(Given records)

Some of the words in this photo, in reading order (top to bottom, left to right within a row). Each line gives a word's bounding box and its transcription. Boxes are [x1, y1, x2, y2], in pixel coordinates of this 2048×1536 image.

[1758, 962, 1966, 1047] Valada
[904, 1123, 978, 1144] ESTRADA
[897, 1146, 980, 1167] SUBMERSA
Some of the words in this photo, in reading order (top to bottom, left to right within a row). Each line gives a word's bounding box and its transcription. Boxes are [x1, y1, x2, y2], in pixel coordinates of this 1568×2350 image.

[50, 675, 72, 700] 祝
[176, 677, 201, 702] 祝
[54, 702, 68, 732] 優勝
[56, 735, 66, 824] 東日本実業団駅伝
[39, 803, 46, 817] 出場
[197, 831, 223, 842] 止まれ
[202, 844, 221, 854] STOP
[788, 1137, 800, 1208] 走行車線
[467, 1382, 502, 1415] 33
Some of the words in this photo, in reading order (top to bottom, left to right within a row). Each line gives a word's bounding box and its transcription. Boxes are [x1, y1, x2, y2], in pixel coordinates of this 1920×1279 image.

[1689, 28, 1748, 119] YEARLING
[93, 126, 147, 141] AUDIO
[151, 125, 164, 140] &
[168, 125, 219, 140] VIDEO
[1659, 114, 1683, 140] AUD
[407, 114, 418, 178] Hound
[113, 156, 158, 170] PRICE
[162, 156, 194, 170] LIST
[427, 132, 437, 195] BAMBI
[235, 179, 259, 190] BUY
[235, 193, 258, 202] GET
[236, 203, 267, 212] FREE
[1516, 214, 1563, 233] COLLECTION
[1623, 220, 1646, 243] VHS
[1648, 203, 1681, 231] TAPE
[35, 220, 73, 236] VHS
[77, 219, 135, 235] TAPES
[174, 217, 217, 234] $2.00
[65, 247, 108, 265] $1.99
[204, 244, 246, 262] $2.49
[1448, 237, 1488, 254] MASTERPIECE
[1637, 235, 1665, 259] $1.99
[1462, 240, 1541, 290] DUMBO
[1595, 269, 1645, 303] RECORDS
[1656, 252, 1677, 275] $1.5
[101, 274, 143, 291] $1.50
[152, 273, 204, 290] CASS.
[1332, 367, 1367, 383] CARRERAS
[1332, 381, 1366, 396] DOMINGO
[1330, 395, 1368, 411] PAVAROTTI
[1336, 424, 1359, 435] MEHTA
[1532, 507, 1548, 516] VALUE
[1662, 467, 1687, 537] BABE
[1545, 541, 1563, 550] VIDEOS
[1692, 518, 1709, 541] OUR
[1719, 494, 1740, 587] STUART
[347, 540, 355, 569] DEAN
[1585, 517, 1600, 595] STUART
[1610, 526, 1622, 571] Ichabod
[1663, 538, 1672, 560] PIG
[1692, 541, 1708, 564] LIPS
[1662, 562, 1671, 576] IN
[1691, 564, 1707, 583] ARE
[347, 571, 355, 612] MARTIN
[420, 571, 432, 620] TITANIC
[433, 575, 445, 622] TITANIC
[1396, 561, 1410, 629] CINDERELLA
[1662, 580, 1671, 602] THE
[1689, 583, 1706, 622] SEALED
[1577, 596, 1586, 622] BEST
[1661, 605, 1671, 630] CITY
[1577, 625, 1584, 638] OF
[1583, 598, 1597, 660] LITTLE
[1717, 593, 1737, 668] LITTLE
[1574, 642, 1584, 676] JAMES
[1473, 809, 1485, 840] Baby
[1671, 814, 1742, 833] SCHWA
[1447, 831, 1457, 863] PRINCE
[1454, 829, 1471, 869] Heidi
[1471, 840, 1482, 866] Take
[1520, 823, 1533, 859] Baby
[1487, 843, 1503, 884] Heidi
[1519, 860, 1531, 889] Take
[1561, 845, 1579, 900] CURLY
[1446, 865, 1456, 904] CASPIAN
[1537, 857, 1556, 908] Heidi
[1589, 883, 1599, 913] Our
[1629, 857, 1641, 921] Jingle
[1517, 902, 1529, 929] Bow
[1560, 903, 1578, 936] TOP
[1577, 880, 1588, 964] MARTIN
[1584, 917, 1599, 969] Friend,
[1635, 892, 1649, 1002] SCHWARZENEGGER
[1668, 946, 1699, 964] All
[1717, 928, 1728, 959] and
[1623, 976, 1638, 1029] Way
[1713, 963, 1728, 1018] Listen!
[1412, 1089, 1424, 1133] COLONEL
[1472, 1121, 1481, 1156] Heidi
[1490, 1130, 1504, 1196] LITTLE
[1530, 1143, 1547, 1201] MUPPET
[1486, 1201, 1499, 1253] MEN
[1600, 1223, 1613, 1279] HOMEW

(Task to complete)
Produce a verbatim copy of each record above.

(Task output)
Some of the words in this photo, in reading order (top to bottom, left to right within a row). Each line gives a word's bounding box and its transcription. Boxes are [x1, y1, x2, y2], in pixel coordinates of this 2048×1536 image.

[1758, 962, 1966, 1047] Valada
[904, 1123, 978, 1144] ESTRADA
[897, 1146, 980, 1167] SUBMERSA
Some of the words in this photo, in reading order (top to bottom, left to right within a row). Each line gives a word's bounding box and its transcription. Boxes are [x1, y1, x2, y2], in pixel coordinates of this 1568×2350 image.

[50, 675, 72, 700] 祝
[176, 677, 201, 702] 祝
[54, 702, 68, 732] 優勝
[56, 735, 66, 824] 東日本実業団駅伝
[39, 803, 46, 817] 出場
[197, 831, 223, 842] 止まれ
[202, 844, 221, 854] STOP
[788, 1137, 800, 1208] 走行車線
[467, 1382, 502, 1415] 33
Some of the words in this photo, in reading order (top to bottom, left to right within a row). Each line gives a word's bounding box and its transcription. Boxes are [x1, y1, x2, y2], in pixel coordinates of this 1920×1279 image.

[1689, 28, 1748, 119] YEARLING
[93, 126, 147, 141] AUDIO
[151, 125, 164, 140] &
[168, 125, 219, 140] VIDEO
[1659, 114, 1683, 140] AUD
[407, 114, 418, 178] Hound
[113, 156, 158, 170] PRICE
[162, 156, 194, 170] LIST
[427, 132, 437, 195] BAMBI
[235, 179, 259, 190] BUY
[235, 193, 258, 202] GET
[236, 203, 267, 212] FREE
[1516, 214, 1563, 233] COLLECTION
[1623, 220, 1646, 243] VHS
[1648, 203, 1681, 231] TAPE
[35, 220, 73, 236] VHS
[77, 219, 135, 235] TAPES
[174, 217, 217, 234] $2.00
[65, 247, 108, 265] $1.99
[204, 244, 246, 262] $2.49
[1448, 237, 1488, 254] MASTERPIECE
[1637, 235, 1665, 259] $1.99
[1462, 240, 1541, 290] DUMBO
[1595, 269, 1645, 303] RECORDS
[1656, 252, 1677, 275] $1.5
[101, 274, 143, 291] $1.50
[152, 273, 204, 290] CASS.
[1332, 367, 1367, 383] CARRERAS
[1332, 381, 1366, 396] DOMINGO
[1330, 395, 1368, 411] PAVAROTTI
[1336, 424, 1359, 435] MEHTA
[1532, 507, 1548, 516] VALUE
[1662, 467, 1687, 537] BABE
[1545, 541, 1563, 550] VIDEOS
[1692, 518, 1709, 541] OUR
[1719, 494, 1740, 587] STUART
[347, 540, 355, 569] DEAN
[1585, 517, 1600, 595] STUART
[1610, 526, 1622, 571] Ichabod
[1663, 538, 1672, 560] PIG
[1692, 541, 1708, 564] LIPS
[1662, 562, 1671, 576] IN
[1691, 564, 1707, 583] ARE
[347, 571, 355, 612] MARTIN
[420, 571, 432, 620] TITANIC
[433, 575, 445, 622] TITANIC
[1396, 561, 1410, 629] CINDERELLA
[1662, 580, 1671, 602] THE
[1689, 583, 1706, 622] SEALED
[1577, 596, 1586, 622] BEST
[1661, 605, 1671, 630] CITY
[1577, 625, 1584, 638] OF
[1583, 598, 1597, 660] LITTLE
[1717, 593, 1737, 668] LITTLE
[1574, 642, 1584, 676] JAMES
[1473, 809, 1485, 840] Baby
[1671, 814, 1742, 833] SCHWA
[1447, 831, 1457, 863] PRINCE
[1454, 829, 1471, 869] Heidi
[1471, 840, 1482, 866] Take
[1520, 823, 1533, 859] Baby
[1487, 843, 1503, 884] Heidi
[1519, 860, 1531, 889] Take
[1561, 845, 1579, 900] CURLY
[1446, 865, 1456, 904] CASPIAN
[1537, 857, 1556, 908] Heidi
[1589, 883, 1599, 913] Our
[1629, 857, 1641, 921] Jingle
[1517, 902, 1529, 929] Bow
[1560, 903, 1578, 936] TOP
[1577, 880, 1588, 964] MARTIN
[1584, 917, 1599, 969] Friend,
[1635, 892, 1649, 1002] SCHWARZENEGGER
[1668, 946, 1699, 964] All
[1717, 928, 1728, 959] and
[1623, 976, 1638, 1029] Way
[1713, 963, 1728, 1018] Listen!
[1412, 1089, 1424, 1133] COLONEL
[1472, 1121, 1481, 1156] Heidi
[1490, 1130, 1504, 1196] LITTLE
[1530, 1143, 1547, 1201] MUPPET
[1486, 1201, 1499, 1253] MEN
[1600, 1223, 1613, 1279] HOMEW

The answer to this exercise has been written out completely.